A produção está distribuída pelo país e o empenho com sua qualidade é crescente, principalmente devido ao mercado consumidor mais exigente, mas também pela sua importância econômica e grande aceitação nos mercados nacional e internacional.

A Cachaça é produzida a partir do caldo de cana-de-açúcar fermentado e destilado. Pode ser engarrafada após a destilação ou pode ser armazenada ou envelhecida em recipientes de madeira e cada tipo de madeira fornece características únicas de aromas e sabores para a bebida.

Essa diversidade e complexidade sensorial do destilado combinada com outros ingredientes resulta em versatilidade e relevância na coquetelaria.

Considerando outro aspecto em diversidade, vemos iniciativas que pretendem ampliar a equidade de gênero no mercado de trabalho do universo de bebidas alcoólicas.

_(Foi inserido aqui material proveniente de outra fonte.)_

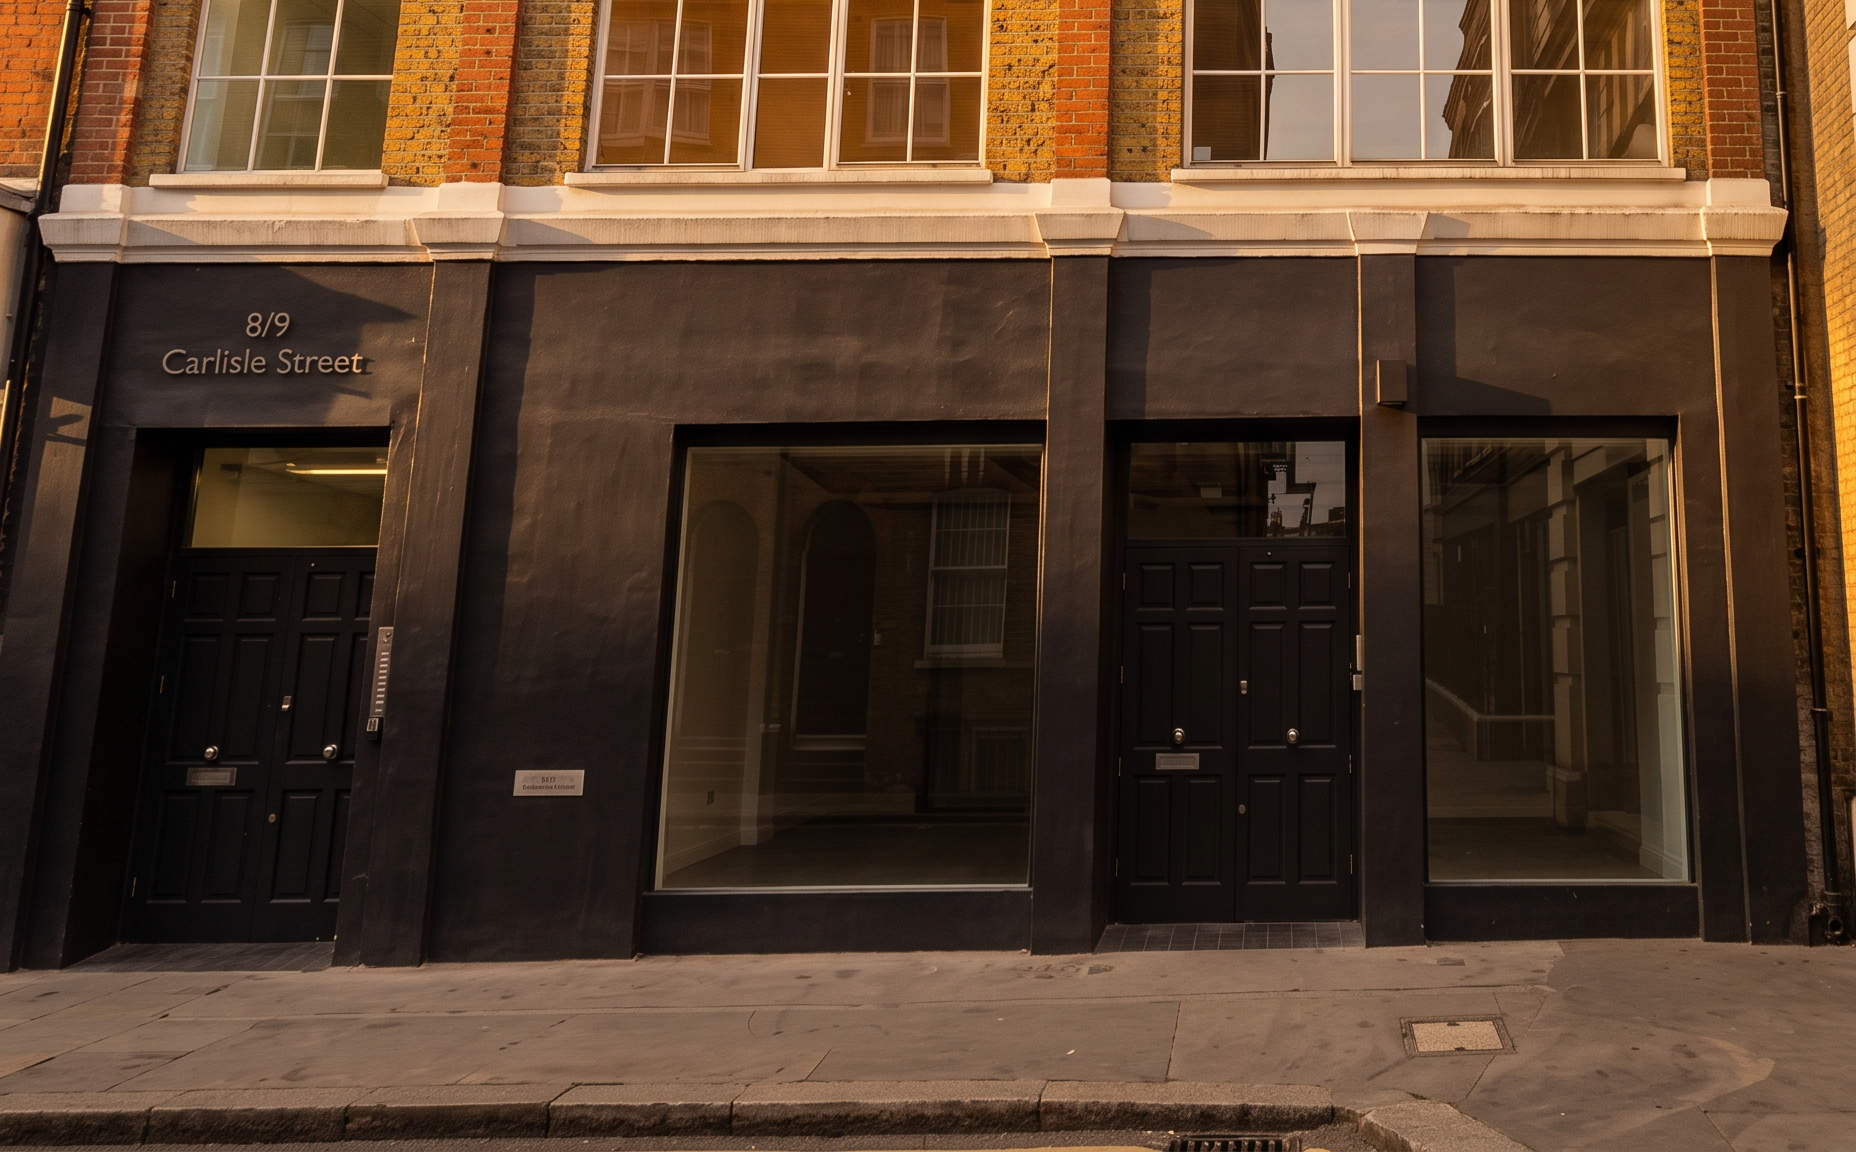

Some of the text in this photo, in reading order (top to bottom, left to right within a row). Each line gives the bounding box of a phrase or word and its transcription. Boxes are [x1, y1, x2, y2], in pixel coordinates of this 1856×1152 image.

Para se ter uma ideia, são mulheres 48% das pessoas formadas bartenders no Brasil, em 2020, pelo Learning for Life (Instituto Diageo), no qual se profissionalizou Bianca Lima, vencedora do maior campeonato de coquetelaria do país, o World Class Brasil 2021.

Outro exemplo é que, há dez anos, iniciei meus estudos sobre destilados e hoje sou a primeira mulher na posição de Head de Desenvolvimento de Líquidos da Ypióca, a marca de cachaça mais antiga do Brasil, com 175 anos.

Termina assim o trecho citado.